New Fires, Familiar Injustice

For too many Americans, environmental damage is a part of their daily lives

By Ben Jealous

June 8, 2023

This image provided by Louisiana State Police shows a fire at a storage tank containing volatile naptha in Lake Charles, La., on Saturday night, June 3, 2023.

A fire at a storage tank containing volatile naphtha in Lake Charles, Louisiana, on June 3. The fire is believed to have been ignited by lightning as storms moved through the area earlier in the day. | Louisiana State Police via AP

A lightning strike and a small fire are all it took this weekend to remind residents in south Louisiana—across much of the Gulf Coast really—that some people consider them disposable.

A thunderbolt reportedly hit an oil refinery in Lake Charles, causing a fire that sent up a toxic, black plume visible from 40 miles away and sparked an evacuation and a shelter-in-place order with a three-mile radius. It’s not yet known what exactly was released into the air or how much of it.

Fifty miles to the south, a blaze in Cameron at an electric substation fueled by liquefied fossil gas prompted an evacuation as well, including residents of several RV parks who said they weren’t aware they were living across the street from explosive gas tanks. Substations like the one that caught fire dot that part of the state, remnants of a power grid never fully rebuilt after Hurricane Laura.
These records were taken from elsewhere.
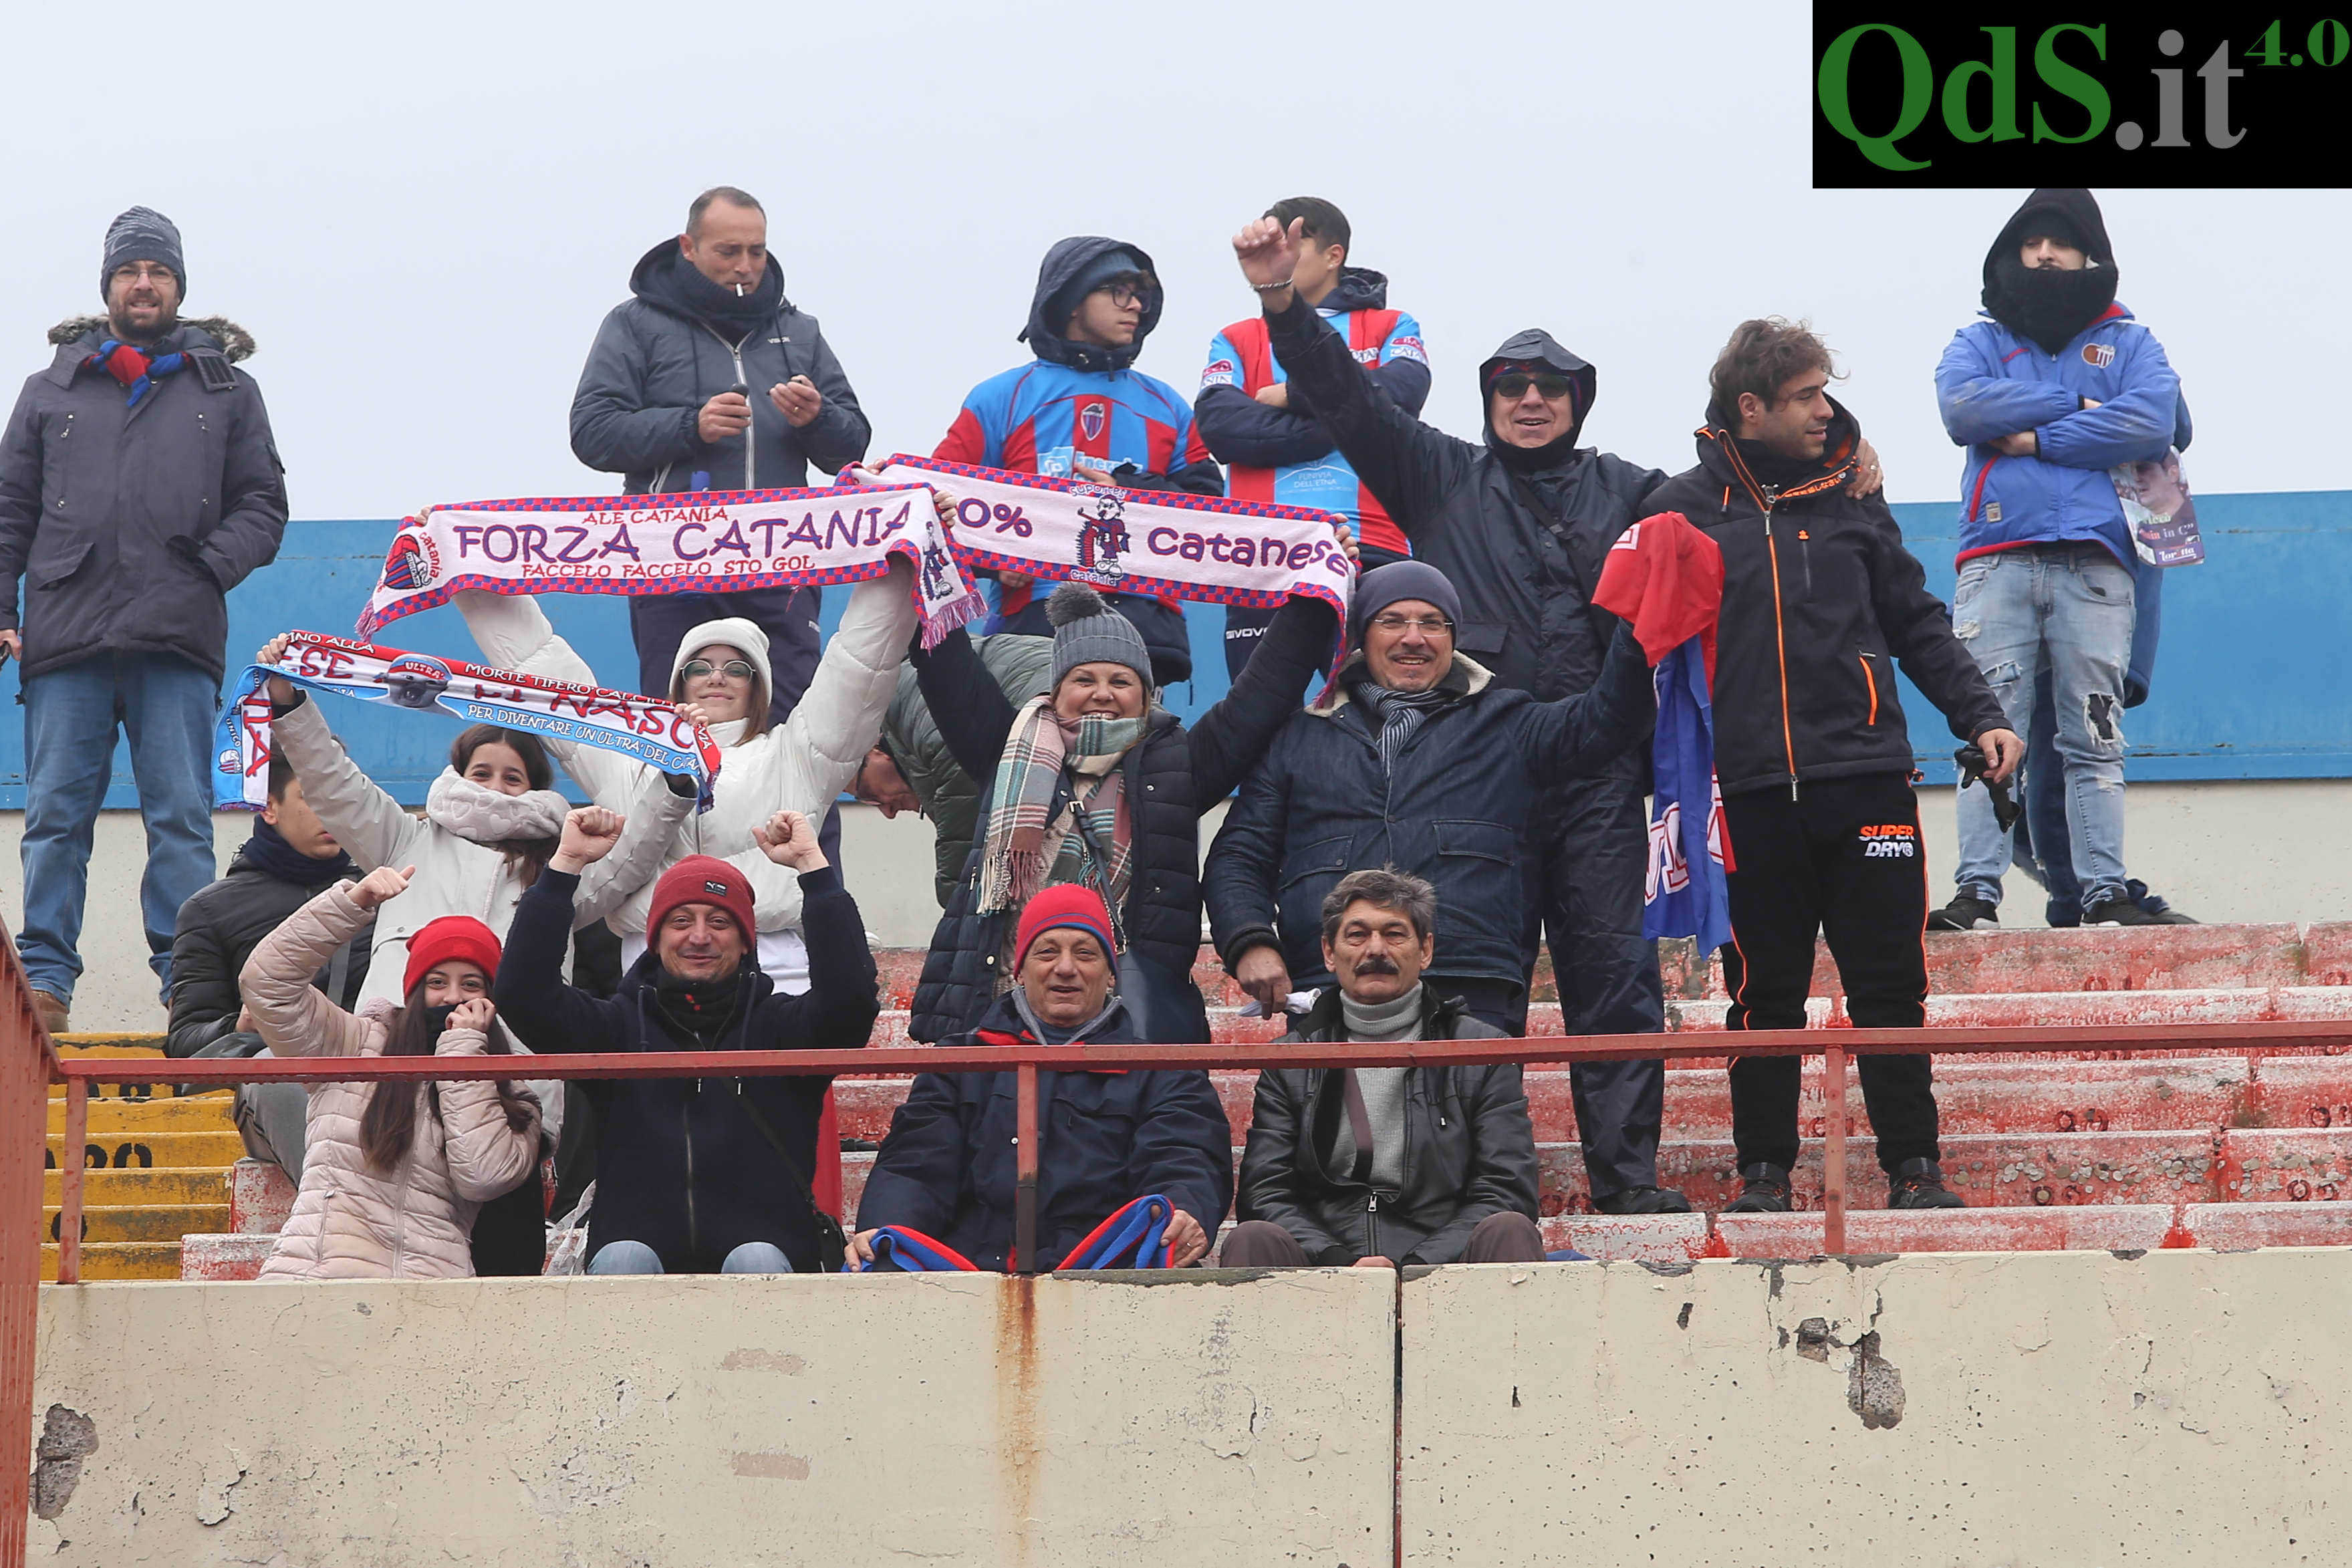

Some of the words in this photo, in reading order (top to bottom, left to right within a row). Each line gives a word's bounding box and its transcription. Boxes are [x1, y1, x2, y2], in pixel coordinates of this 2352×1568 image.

[582, 512, 625, 525] ALE
[630, 506, 729, 524] CATANIA
[453, 523, 640, 563] FORZA
[672, 501, 910, 561] CATANIA
[521, 564, 611, 578] FACCELO
[622, 561, 711, 578] FACCELO
[724, 559, 762, 575] STO
[772, 555, 815, 571] GOL
[325, 637, 374, 654] ALLA
[465, 663, 527, 683] MORTE
[225, 716, 242, 747] UNICO
[467, 704, 493, 721] PER
[497, 707, 573, 736] DIVENTARE
[575, 725, 596, 742] UN
[642, 745, 670, 767] DEL
[1858, 824, 1915, 841] SUPER
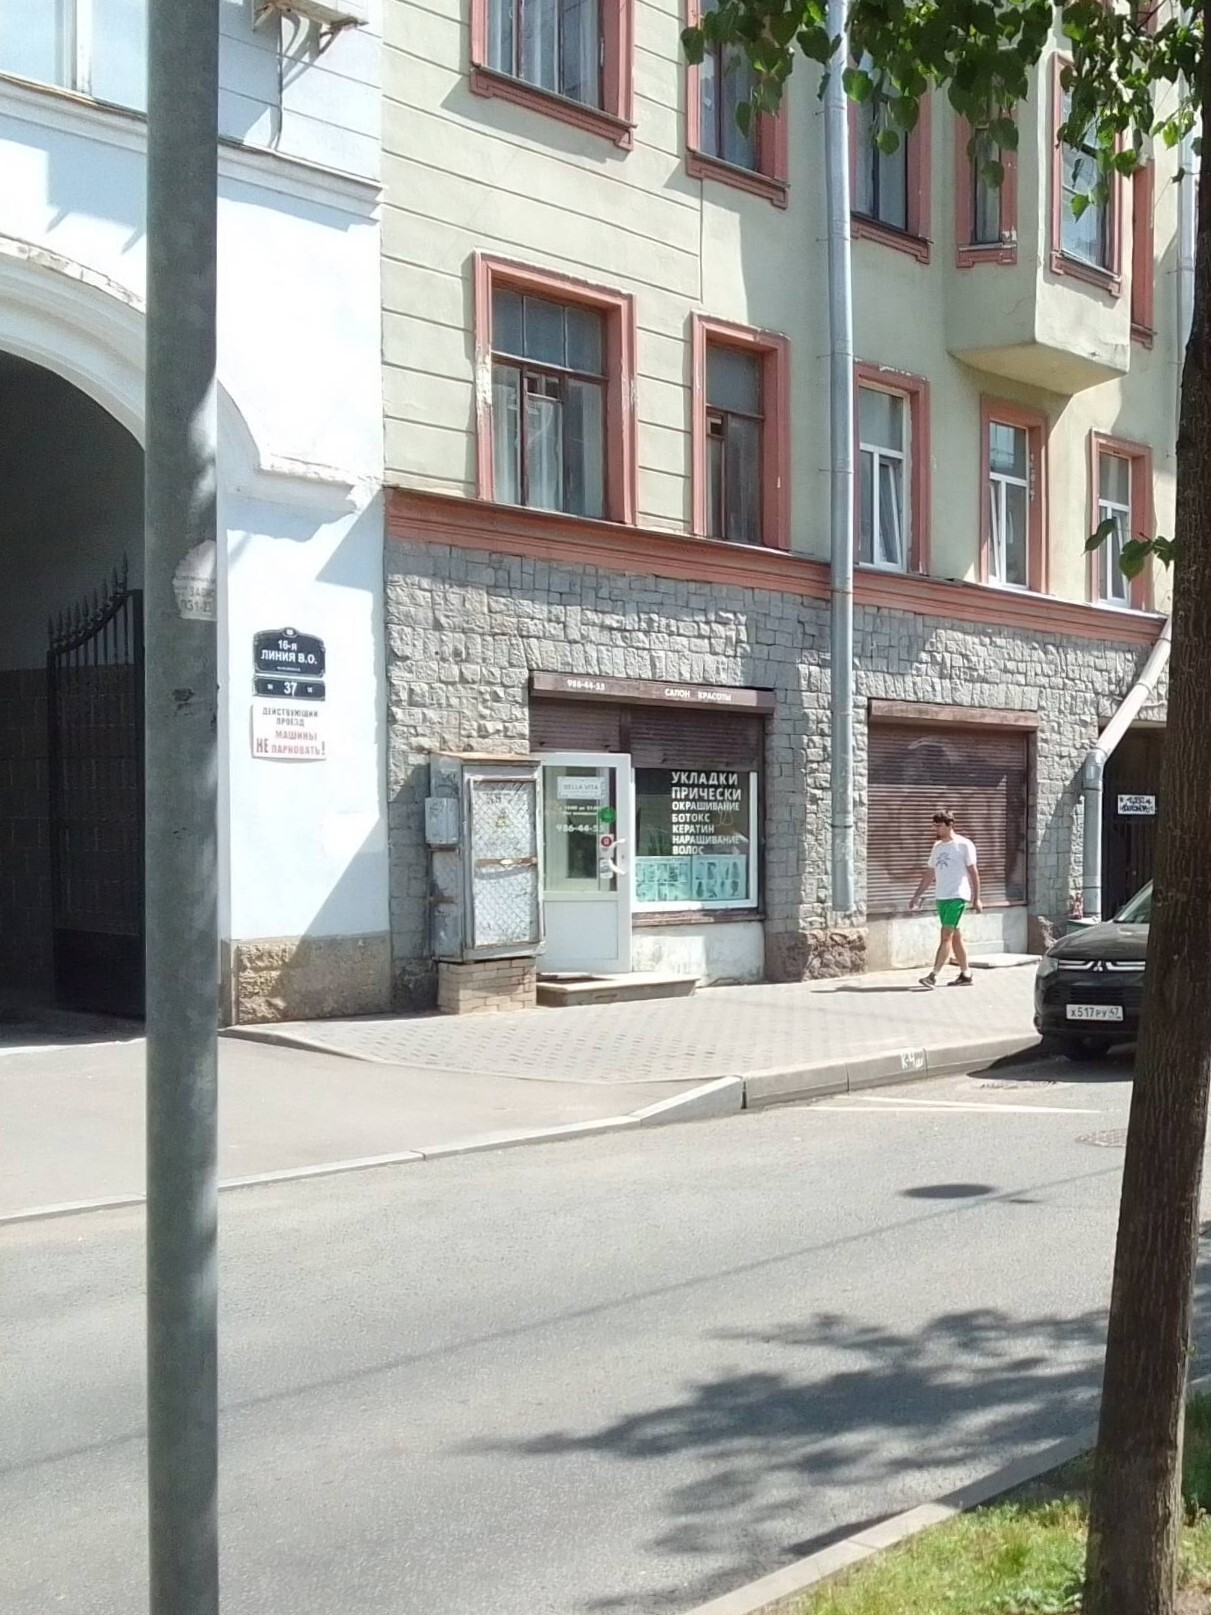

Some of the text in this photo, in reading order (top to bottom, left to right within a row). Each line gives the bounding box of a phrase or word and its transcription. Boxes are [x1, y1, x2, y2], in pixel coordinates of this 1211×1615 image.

Reporters covered both fires, but they weren’t really news to residents. With dozens of oil, gas, and petrochemical plants and pipes littering Cameron and Calcasieu Parishes and dozens more planned, it would be notable if lightning didn’t hit something explosive or an industrial fire didn’t demand an evacuation. An explosion at one plant and a fire at another just last year caused major pollution events.

It’s a story that’s familiar to many communities across the country—the ones in the cancer alleys along the Mississippi River, those that sit alongside coal-fired power plants that spew pollution that contributes to higher death rates. They are places that carry a disproportionate burden when it comes to the byproducts of our gas- and oil-fueled economy. It’s sad but apt that we frequently call places like this frontline communities, since their residents are at risk like the soldiers and sailors who so frequently are recruited from the same places.

What these communities have in common is that they are where people with the least economic and political power reside. They have people who have had to make an impossible choice between the air they breathe, the land they inhabit, and the water they enjoy, and putting food on the table. And they share the damaging consequences of bordering sites that spew pollutants as part of doing business.

“The stress these toxin-releasing events has on everyone living in this area causes mental and physical health problems,” Cynthia Robinson, a local faith leader who runs the Micah 6:8 Mission outside Lake Charles, said this weekend. “Those of us living here in an area where climate change has added to the magnitude and frequency of hurricanes add that burden also.”

The historic clean energy package passed by President Biden and Congress in 2022 includes $3 billion in environmental justice grants for communities like these that have borne an unfair share of the damage caused by fossil fuels and other chemicals. It’s an unprecedented direct commitment to those places.

More can be done even now. Louisiana residents have been pressing federal energy and pipeline regulators to do more to enforce regulations, starting with equipment and facilities being subject to more than self-inspection by the companies that own them.

As a nation, at moments when communities like Lake Charles and Cameron are on fire, we need to acknowledge that our continued reliance on fossil fuels is subsidized by the physical and mental health of other Americans. We have to ask ourselves why we let our neighbors make that kind of sacrifice when fossil fuel companies are making billions in record profits. We need to act on the reality that for them, environmental damage isn’t a far-off threat. It’s a daily part of their lives.